Loops is newer and under development – and it’s the one that prompted a controversy. Loops is meant to be a TikTok-like short video system that will also enable ActivityPub. While it’s in beta, it has been growing at a pretty rapid clip.

Such growth invites scrutiny. A blog post by Phil has taken a critical look at Loops.Video’s terms of service and the analysis is troubling. Here’s a key bit of what Phil found: Loops.Video’s TOS includes the paragraph,

By posting your Contributions to any part of the Services or making Contributions accessible to the Services by linking your account from the Services to any of your social networking accounts, you automatically grant, and you represent and warrant that you have the right to grant, to us an unrestricted, unlimited, irrevocable, perpetual, non-exclusive, transferable, royalty-free, fully-paid, worldwide right, and license to host, use, copy, reproduce, disclose, sell, resell, publish, broadcast, retitle, archive, store, cache, publicly perform, publicly display, reformat, translate, transmit, excerpt (in whole or in part), and distribute such Contributions (including, without limitation, your image and voice) for any purpose, commercial, advertising, or otherwise, and to prepare derivative works of, or incorporate into other works, such Contributions, and grant and authorize sublicenses of the foregoing. The use and distribution may occur in any media formats and through any media channels.

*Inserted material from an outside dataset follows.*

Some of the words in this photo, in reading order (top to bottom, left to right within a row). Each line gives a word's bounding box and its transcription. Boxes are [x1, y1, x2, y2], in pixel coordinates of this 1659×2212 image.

(Note that Phil’s post is absolutely accurate as of this writing – I checked Loops’s TOS myself and saw this language.)

If you’re like me and you regularly read terms of service agreements, I pity you, but also you and I have seen this language many, many times before: this is the language of surveillance capitalism. I wrote about this exact issue back in 2014. Like so many corporations before it, Loops.Video is claiming the right to use your content basically forever and for whatever purposes it sees fit – including selling your data to advertisers or training generative AI.

Is this a secret plot by Dan Supernault to bring surveillance capitalism to the predominantly non-capitalist fediverse? Maybe not. To his credit, when this was brought to Supernault’s attention, he said he’d fix it right away:

There have been several concerns raised about [these terms of service], and I want you to know that we will be replacing them with a better, more clearer set of rules and policies.1

It turns out he used Termly, an online resource to write terms of service agreements. “Please don’t assume the worst,” Supernault wrote. “I’m trying my best but don’t have a team to help me with stuff like this.” Basically, Supernault is saying that, in the absence of a legal team, in the heat of trying to spin up a new service, he went with a boilerplate solution to legal agreements.

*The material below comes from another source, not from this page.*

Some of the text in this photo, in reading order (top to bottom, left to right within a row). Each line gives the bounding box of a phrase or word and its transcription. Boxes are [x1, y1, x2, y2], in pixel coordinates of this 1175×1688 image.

I anticipate Supernault will fix this – after all, take a look at Pixelfed.social’s terms. They are nothing like the Loops terms.

Making ASM in a CSM World

The clash between the values of alternative social media and corporate social media go beyond things like avoiding surveillance capitalism or providing community-based governance and moderation. Increasingly, they will also involve how to manage state-based regulations and legal regimes.

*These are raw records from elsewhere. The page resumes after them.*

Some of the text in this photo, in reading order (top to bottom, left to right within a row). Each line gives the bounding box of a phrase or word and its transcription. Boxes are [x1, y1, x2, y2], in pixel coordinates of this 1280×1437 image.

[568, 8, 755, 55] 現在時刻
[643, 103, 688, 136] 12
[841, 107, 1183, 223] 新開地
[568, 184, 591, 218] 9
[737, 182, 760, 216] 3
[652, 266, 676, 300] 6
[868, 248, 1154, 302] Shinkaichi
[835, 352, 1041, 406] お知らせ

In the case of state regulation, like that of the Missouri AG in the USA, alternative social media developers will have to think about how new regulations will affect them – and they may need to preemptively address them. And I’m not saying they should address them in code, but by advocating for ASM in front of regulators.

In the case of terms of service, it would be good if organizations who support ASM would offer boilerplate terms that are not based on corporate logics and instead reflect fediverse values.

In both cases, making alternative social media in a corporate social media world means more work from communities: not just coding, not just self-governance, but also engaging with regulators and working with lawyers across jurisdictions. This work is already happening, of course, but I imagine more will need to be done.

Notes

1) Note that in almost all cases, I reach out to people on the fediverse to get permission to quote them outside of the fedi. In some cases, I do not think the consent is necessary. An example case is when a project leader makes a public statement about that project. I think this post falls under that exception.